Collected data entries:
================================

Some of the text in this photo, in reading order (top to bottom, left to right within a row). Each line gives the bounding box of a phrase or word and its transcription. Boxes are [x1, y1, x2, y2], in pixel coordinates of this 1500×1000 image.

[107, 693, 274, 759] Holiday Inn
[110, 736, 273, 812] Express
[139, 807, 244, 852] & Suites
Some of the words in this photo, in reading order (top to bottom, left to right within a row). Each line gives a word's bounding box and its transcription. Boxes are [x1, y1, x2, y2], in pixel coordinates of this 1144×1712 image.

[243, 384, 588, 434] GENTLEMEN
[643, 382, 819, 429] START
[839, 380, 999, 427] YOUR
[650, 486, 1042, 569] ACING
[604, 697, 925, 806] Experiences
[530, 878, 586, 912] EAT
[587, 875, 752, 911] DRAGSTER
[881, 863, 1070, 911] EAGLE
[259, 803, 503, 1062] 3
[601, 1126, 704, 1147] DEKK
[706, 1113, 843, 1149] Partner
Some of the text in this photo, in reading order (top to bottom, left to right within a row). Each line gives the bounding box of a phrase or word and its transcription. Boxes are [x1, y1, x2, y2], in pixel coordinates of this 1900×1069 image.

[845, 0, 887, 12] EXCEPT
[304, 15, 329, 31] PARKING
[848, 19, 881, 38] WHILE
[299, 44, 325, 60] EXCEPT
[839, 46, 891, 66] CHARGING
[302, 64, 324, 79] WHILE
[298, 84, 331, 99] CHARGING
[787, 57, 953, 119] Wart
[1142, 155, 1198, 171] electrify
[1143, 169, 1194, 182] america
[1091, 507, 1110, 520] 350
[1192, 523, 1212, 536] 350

================================

ASSIGNED TASK: Your task is to reproduce exactly the lines that begin with the one containing "this 1900×1069 image." and continue to the end of the data, both ends included.

TASK ANSWER:
Some of the text in this photo, in reading order (top to bottom, left to right within a row). Each line gives the bounding box of a phrase or word and its transcription. Boxes are [x1, y1, x2, y2], in pixel coordinates of this 1900×1069 image.

[845, 0, 887, 12] EXCEPT
[304, 15, 329, 31] PARKING
[848, 19, 881, 38] WHILE
[299, 44, 325, 60] EXCEPT
[839, 46, 891, 66] CHARGING
[302, 64, 324, 79] WHILE
[298, 84, 331, 99] CHARGING
[787, 57, 953, 119] Wart
[1142, 155, 1198, 171] electrify
[1143, 169, 1194, 182] america
[1091, 507, 1110, 520] 350
[1192, 523, 1212, 536] 350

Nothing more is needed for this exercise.